At that point I had a fully enclosed roof on stucco done, doors installed building.  It did not have electricity, water or compressed air lines run. No insulation or dry wall. 
Two YEARS later, the inside was complete and I moved the shop equipment in from our regular garage.  Just in time for a second child 
Today, one has graduated college the other is a junior and I finally have time to read machining forums and spend time in the workshop.


----------



## T Bredehoft (Oct 31, 2017)

I've worked in machines since 1970, only foot pedal I ever used was TIG welding. I don't think you'd find it advantageous in machine work. 

I used a 4 inch vise on my Mill, my mill has a 7" by 27" table. It, the vise, hangs over the back by almost 2 inches, but some of that is taken up with the DRO reader, so I don't loose too much Y travel with the vise, but its something you have to consider.  A 6 inch might be too much.  Your mill doesn't appear to have power X feed, so you probably won't crash hard enough to do any harm to your vice. Get the best you can afford. It will be worth it in the long haul.


----------



## richl (Oct 31, 2017)

Couple answers that may help...
Vise. A 4" should be OK,  glacern makes a nice one for a bit less than Kurt,  there are a number of really nice offshore models now too.

DRO: without a doubt the dro is one of the best things you can do for a mill.  I map out projects with mine all the time. Poor man's cnc lol

No idea about a foot switch

Vfd, isn't your mill a 110/220 unit? 3/4 hp may sound small, but on mill that light it might be about right.

Have fun with her


----------



## jung4g (Nov 1, 2017)

richl said:


> Vfd, isn't your mill a 110/220 unit? 3/4 hp may sound small, but on mill that light it might be about right.



The motor on my mill is a 110 3/4HP, not a dual voltage. 
My thought is that a 220v 3phase 1.5HP motor through a VFD would be about half it's rated power, so back to the 3/4HP I have now, though I know it's not apples to apples because of how ratings have changed over the decades.


----------



## JimDawson (Nov 1, 2017)

Using a VFD would give you full rated power.  Using a static phase converter normally gives you about 2/3 rated power.


----------



## richl (Nov 1, 2017)

I'd use her for awhile, get familiar how she works and cuts.

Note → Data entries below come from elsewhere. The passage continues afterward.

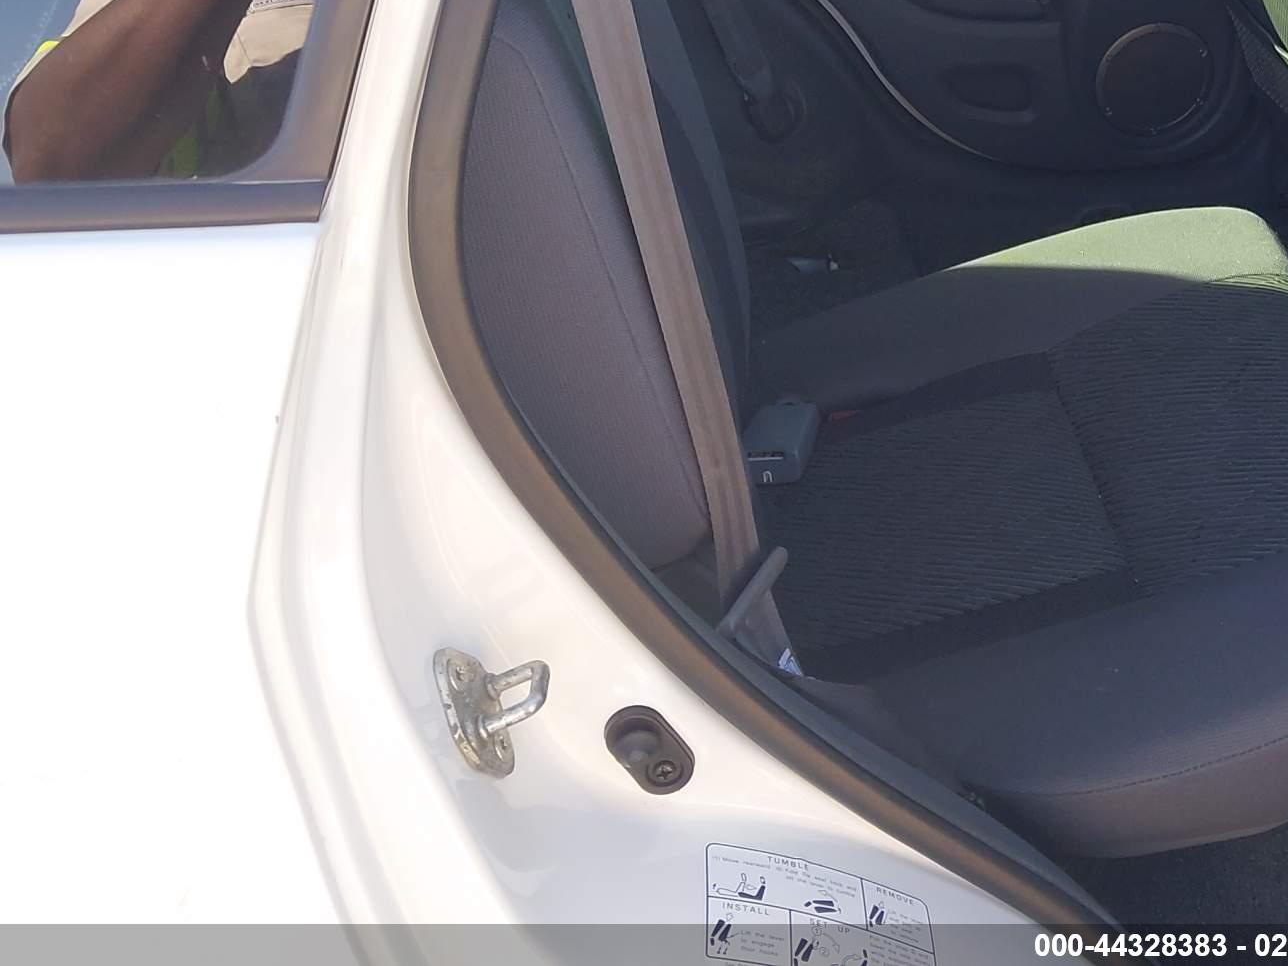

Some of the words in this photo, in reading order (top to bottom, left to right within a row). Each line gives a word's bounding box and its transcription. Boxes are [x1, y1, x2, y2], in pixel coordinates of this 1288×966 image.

[767, 855, 810, 871] TUMBLE
[876, 886, 914, 905] REMOVE
[722, 902, 770, 916] INSTALL
[809, 918, 828, 928] SET
[837, 925, 850, 934] UP
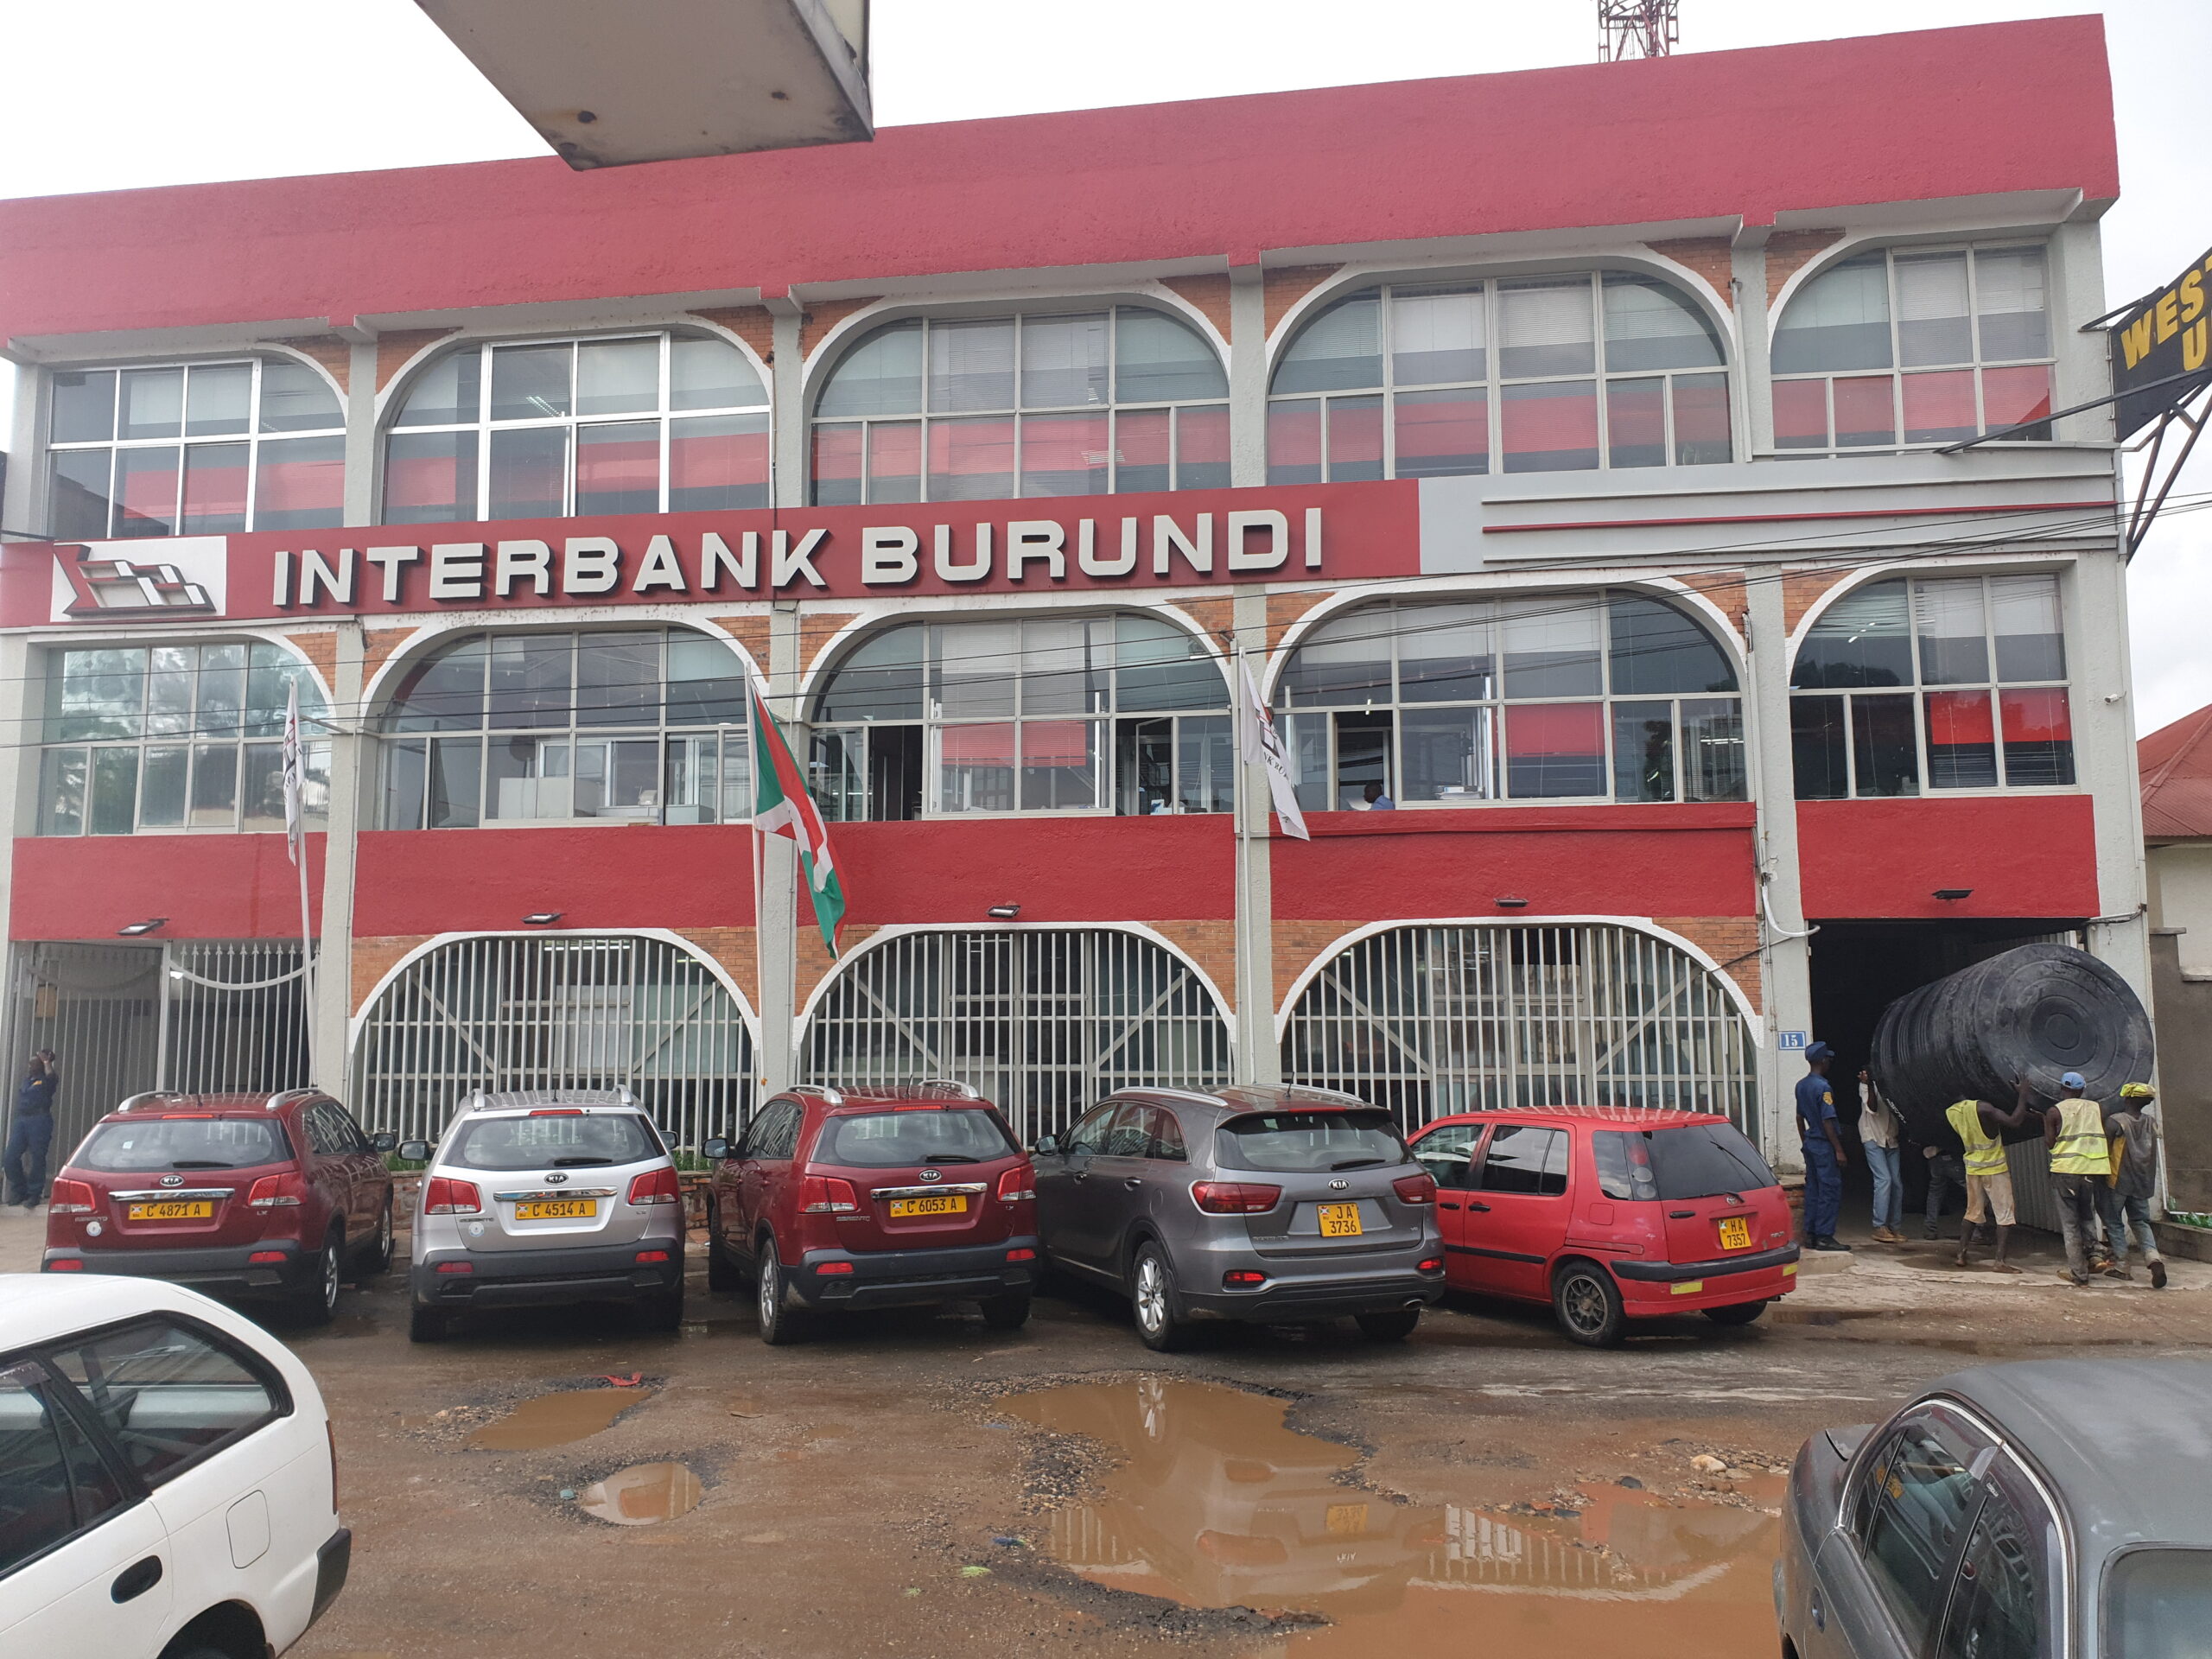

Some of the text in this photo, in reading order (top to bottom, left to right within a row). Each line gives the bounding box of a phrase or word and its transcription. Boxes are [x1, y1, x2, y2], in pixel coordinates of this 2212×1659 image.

[273, 507, 1323, 607] INTERBANK BURUNDI
[1784, 1034, 1798, 1047] 15
[146, 1203, 200, 1217] C 4871 A
[533, 1202, 585, 1217] C 4514 A
[906, 1198, 957, 1212] C 6053 A
[1330, 1220, 1357, 1234] 3736
[1727, 1234, 1745, 1248] 7357
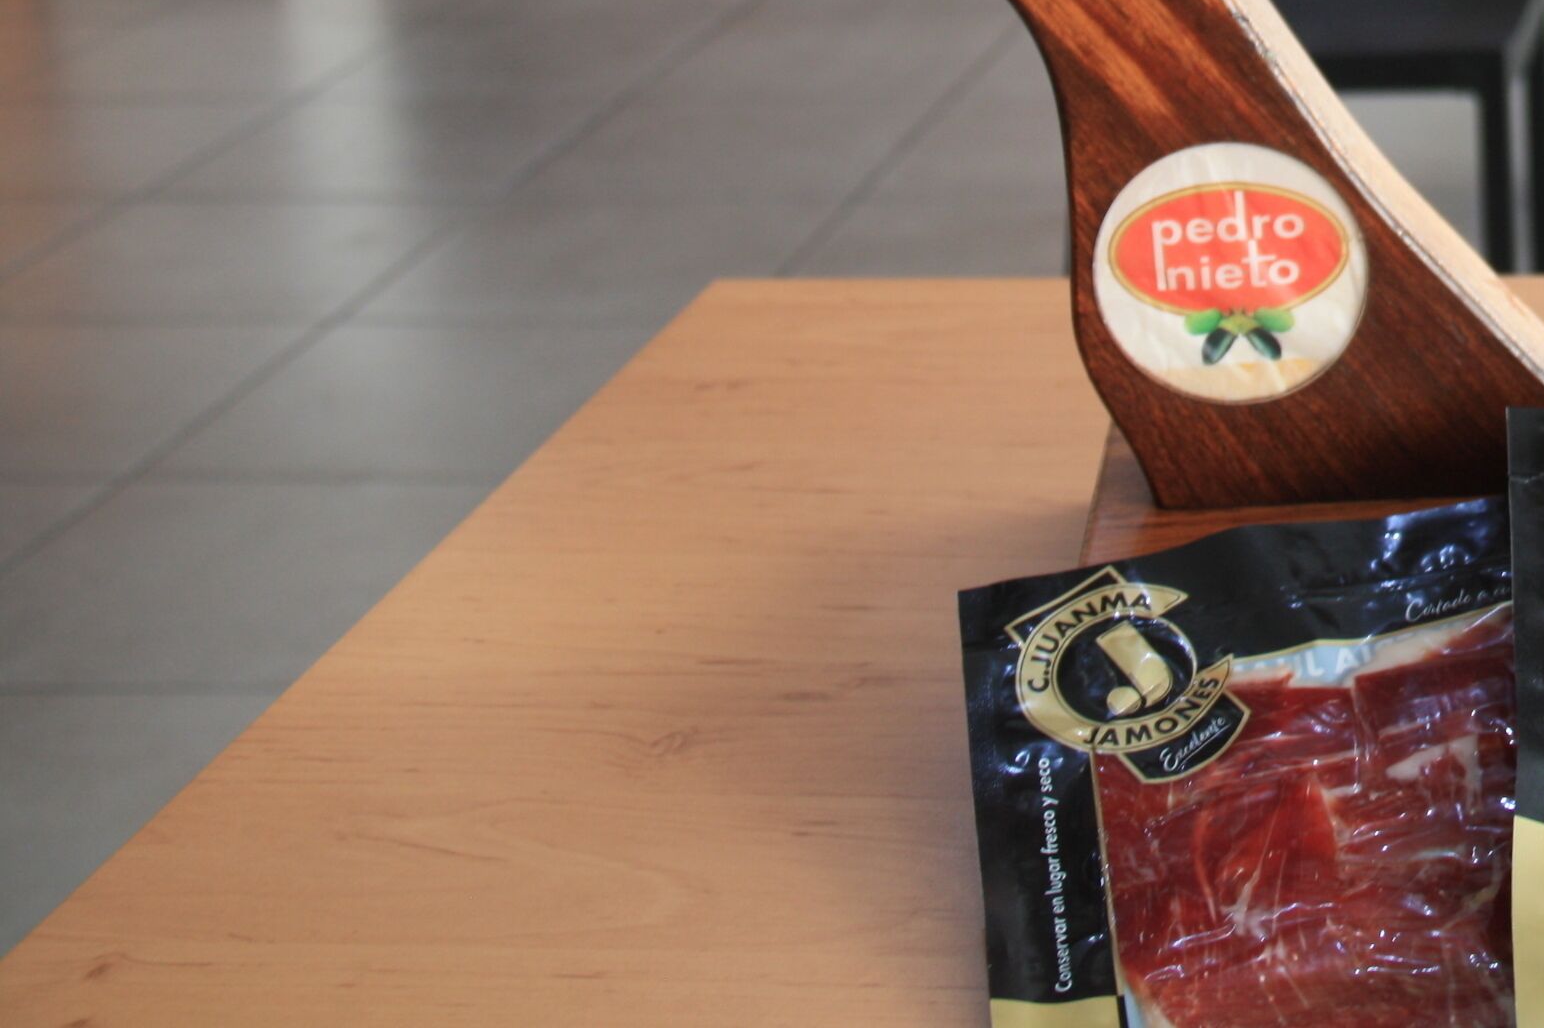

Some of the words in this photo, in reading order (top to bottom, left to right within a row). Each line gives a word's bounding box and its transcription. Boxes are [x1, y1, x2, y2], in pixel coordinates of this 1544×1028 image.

[1151, 190, 1305, 291] pedro
[1166, 239, 1300, 291] nieto
[1083, 676, 1220, 746] JAMONES
[1038, 757, 1053, 793] seco
[1042, 796, 1059, 808] y
[1040, 809, 1059, 854] fresco
[1044, 856, 1066, 896] lugar
[1052, 896, 1065, 914] en
[1054, 917, 1073, 993] Conservar

You could always go to 1hp 220v single phase affordably... 3phase there are kits you can get on ebay, the motor and a vfd... the 110 to 220 upgrade is about 1/2 the amps.

Whatever you choose it's a nice machine.


----------



## T Bredehoft (Nov 1, 2017)

jung4g said:


> The motor on my mill is a 110 3/4HP,



Don't concern your self with a larger motor  until you've determined that the one  you have is inadequate. If you're looking for variable speed control, there are units available for whatever motor you have.  Run it for a while, take some almost too heavy cuts. if it bogs down easily then think about a larger motor, or consider being less aggressive.


----------



## markba633csi (Nov 1, 2017)

Shars has some economical good vises too. Perhaps get a beater vise like that first and a Kurt or Glacern later to go with it. Personally I like swivel vises but some folks get along fine without the swivel feature.
Congrats on the goodies you got-
Mark S.
ps don't bother changing the motor, it should be fine.


----------



## jung4g (Nov 1, 2017)

I'm tempted to grab a Kurt D40 they have on their Scratch and Dent (some porosity in the castings), but it's hard to spend $470 on something so small before I've even plugged the machine in where a Shars one to start with is $110 shipped. Heck, wouldn't a cheap mill vise still be a decent vise for my drill press if I step up to a Kurt down the road?

For a motor, I'm not so much concern with the current motor's power as I'm thinking about how nice variable speed would be to have. Again, maybe down the road if the opinion is not "this is the best upgrade ever".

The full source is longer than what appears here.